[WORK REQUIRED]:
Leaving out the pictures, write the following records exactly as they read.

::::::::::

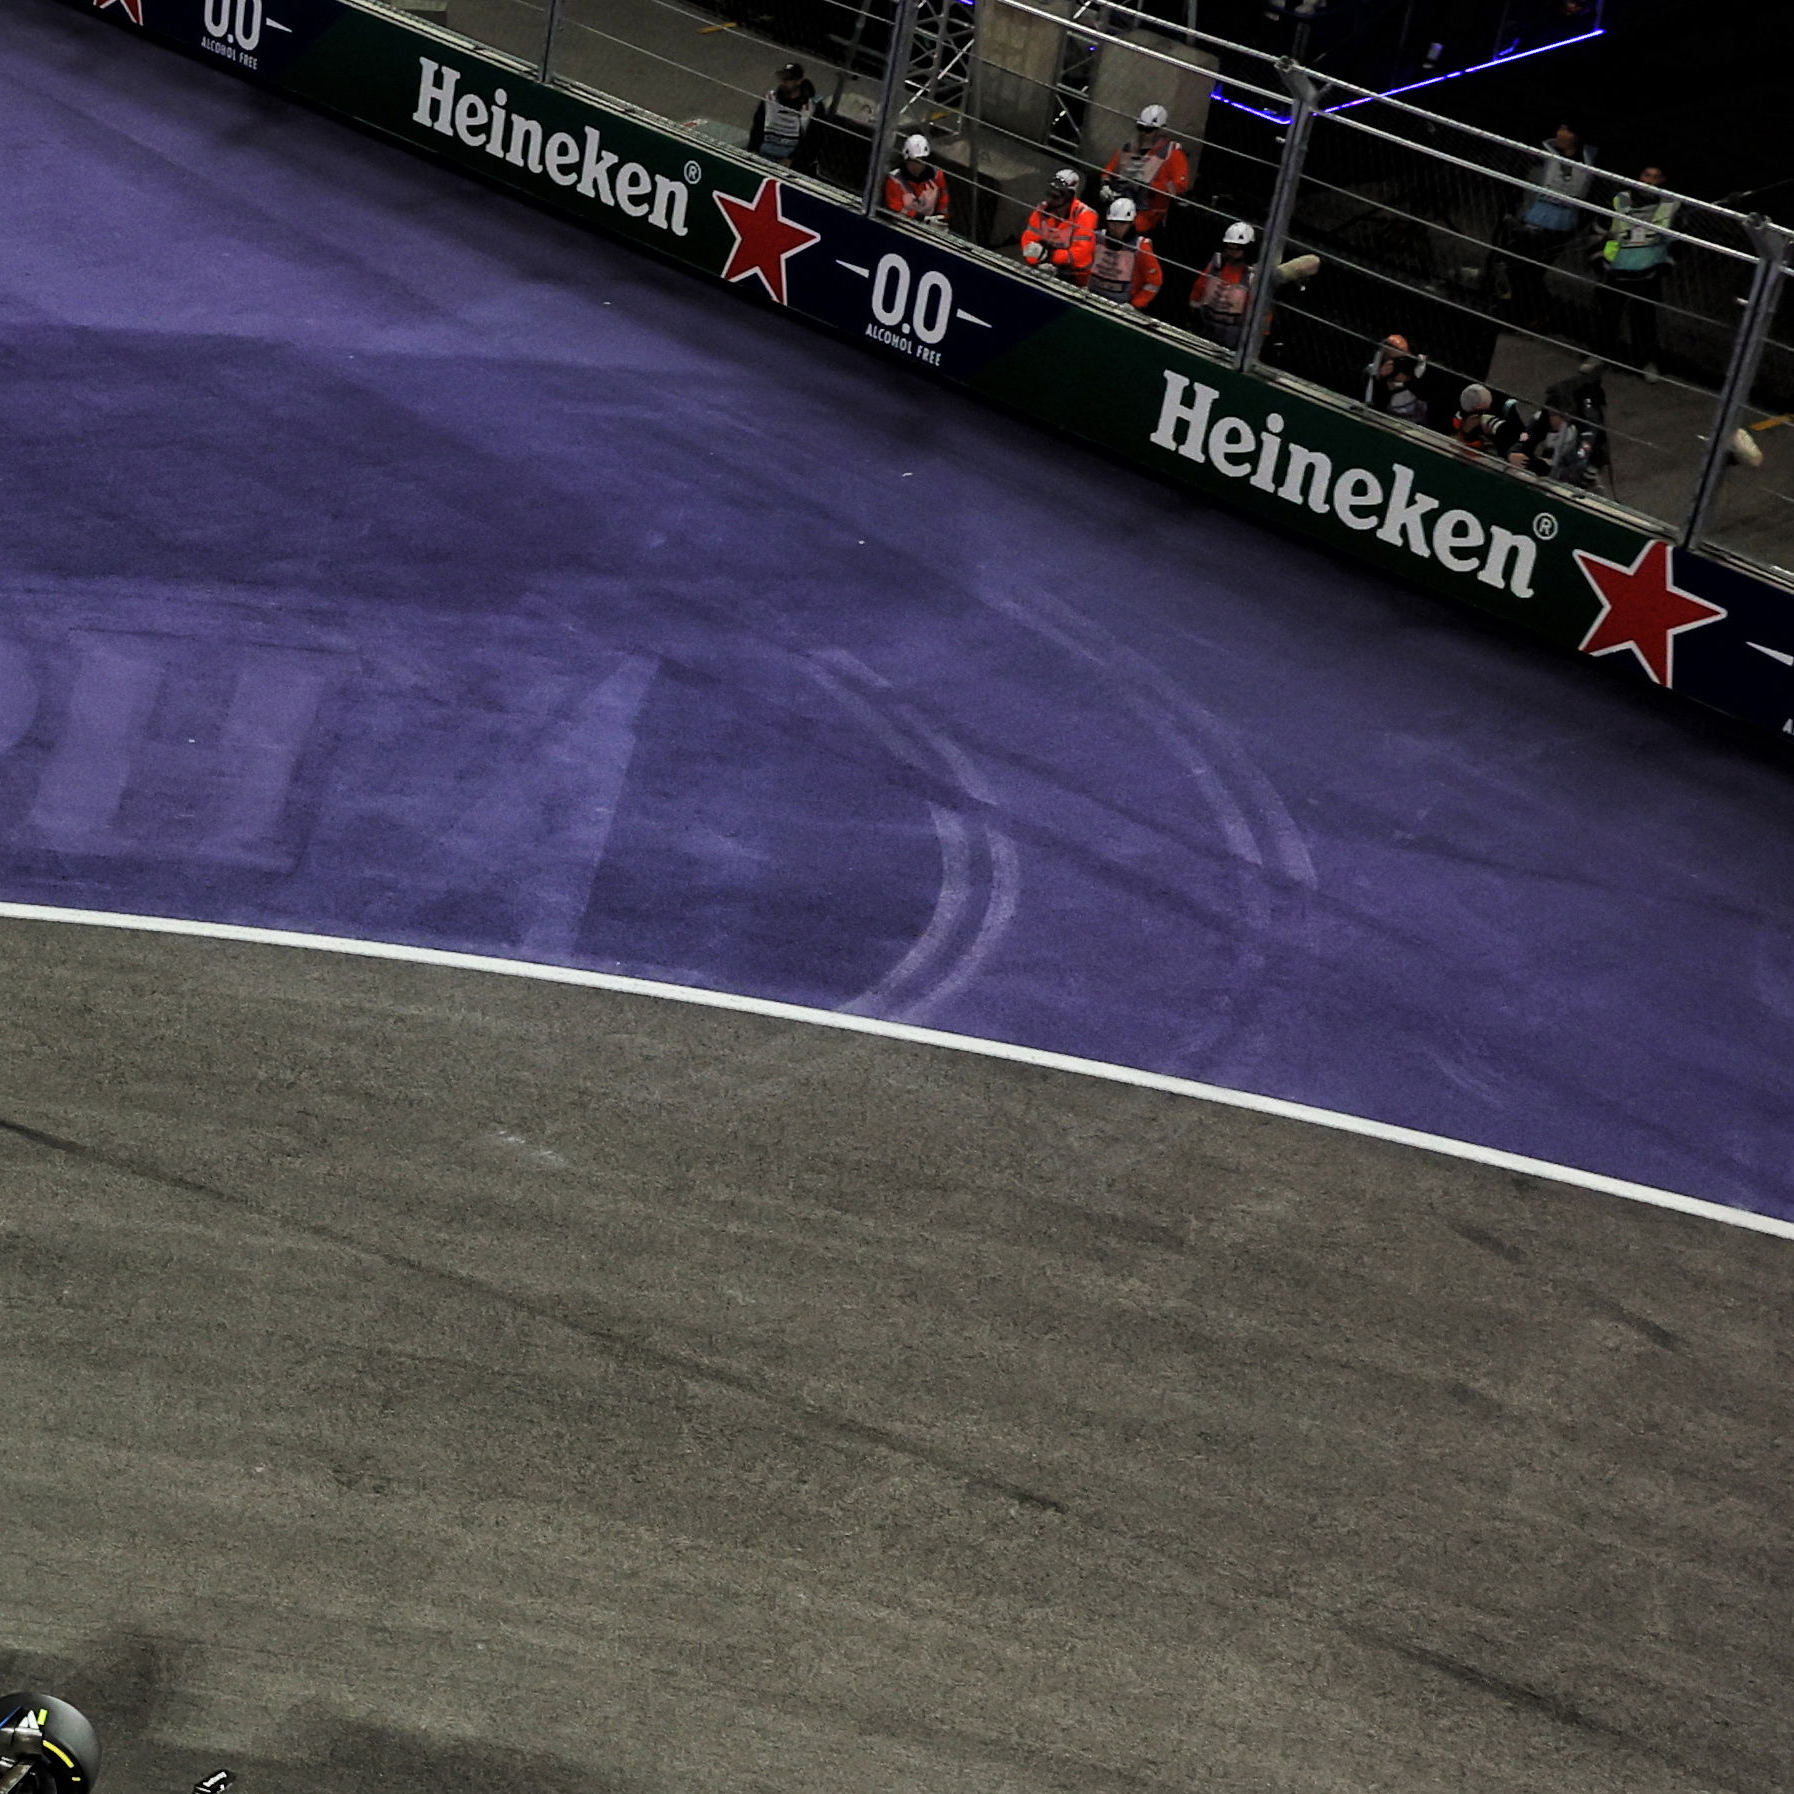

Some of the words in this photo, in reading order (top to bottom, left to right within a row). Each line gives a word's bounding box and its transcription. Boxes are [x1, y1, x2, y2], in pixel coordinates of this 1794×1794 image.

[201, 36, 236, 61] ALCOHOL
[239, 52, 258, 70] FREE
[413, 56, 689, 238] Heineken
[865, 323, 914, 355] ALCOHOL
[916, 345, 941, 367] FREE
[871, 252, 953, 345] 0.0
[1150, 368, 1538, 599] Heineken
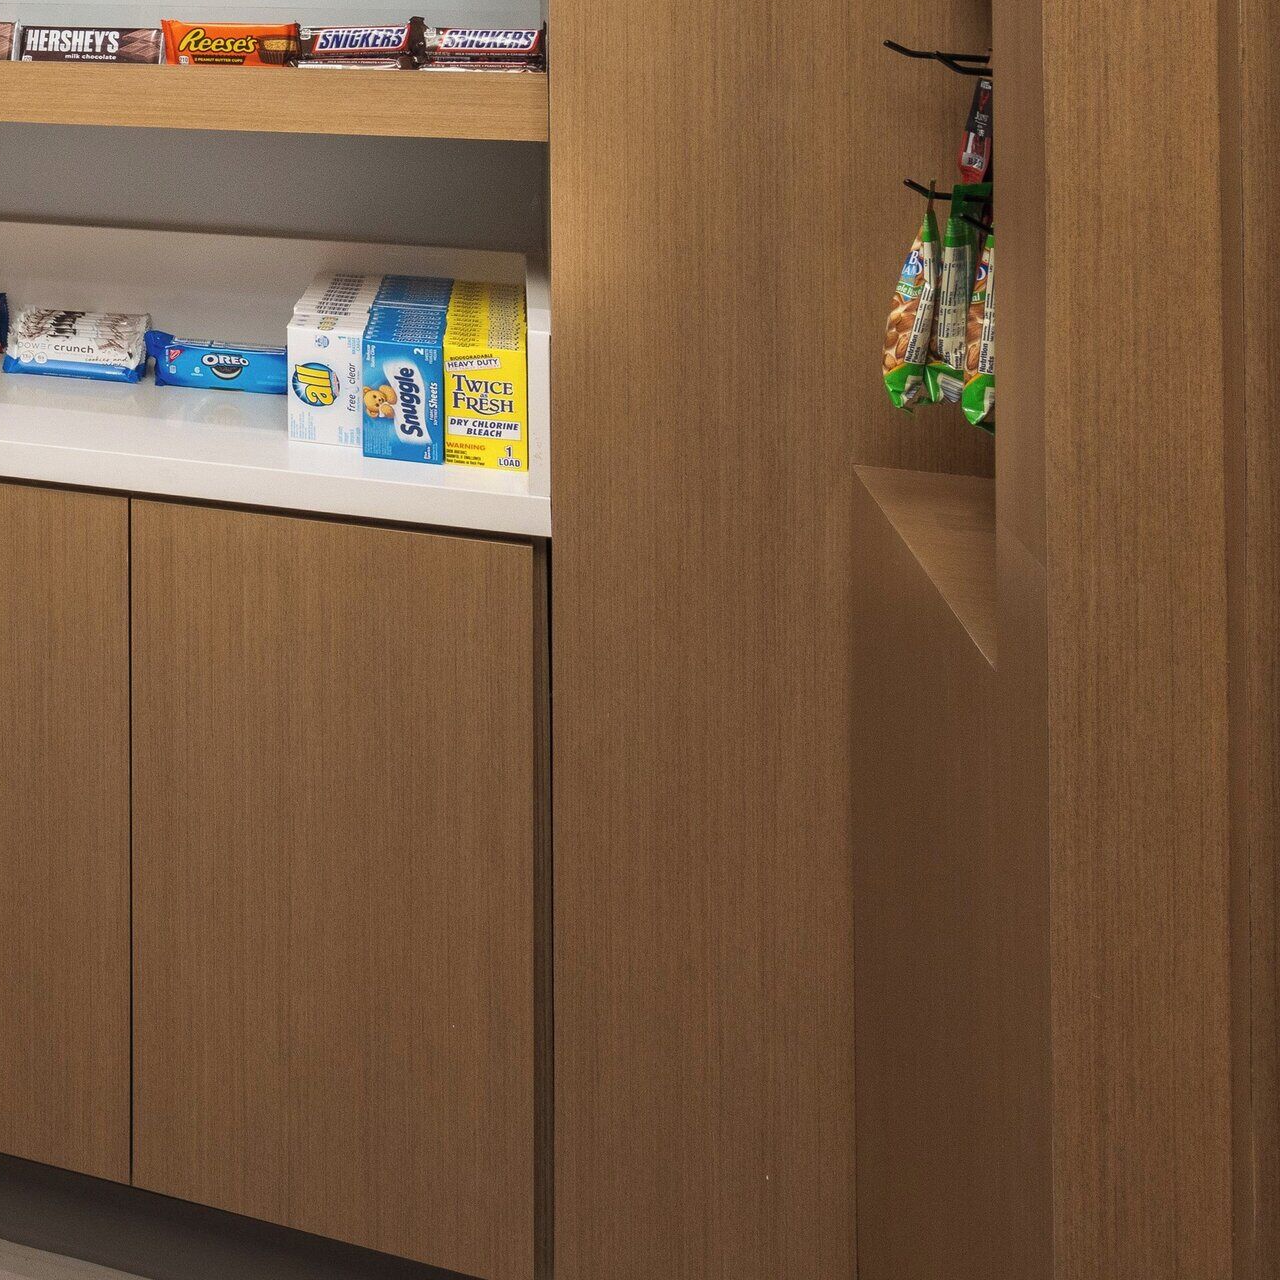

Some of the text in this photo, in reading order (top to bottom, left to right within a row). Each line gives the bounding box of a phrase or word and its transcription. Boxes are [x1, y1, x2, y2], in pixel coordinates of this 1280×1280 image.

::::::::::

[TASK RESPONSE]:
Some of the words in this photo, in reading order (top to bottom, left to right within a row). Each line gives a word's bounding box and its transcription. Boxes are [x1, y1, x2, y2], in pixel coordinates of this 1794×1794 image.

[201, 36, 236, 61] ALCOHOL
[239, 52, 258, 70] FREE
[413, 56, 689, 238] Heineken
[865, 323, 914, 355] ALCOHOL
[916, 345, 941, 367] FREE
[871, 252, 953, 345] 0.0
[1150, 368, 1538, 599] Heineken

Some of the text in this photo, in reading order (top to bottom, left to right within a row). Each line gives the bounding box of a phrase or word and its transcription. Boxes are [x1, y1, x2, y2], in pixel coordinates of this 1280×1280 image.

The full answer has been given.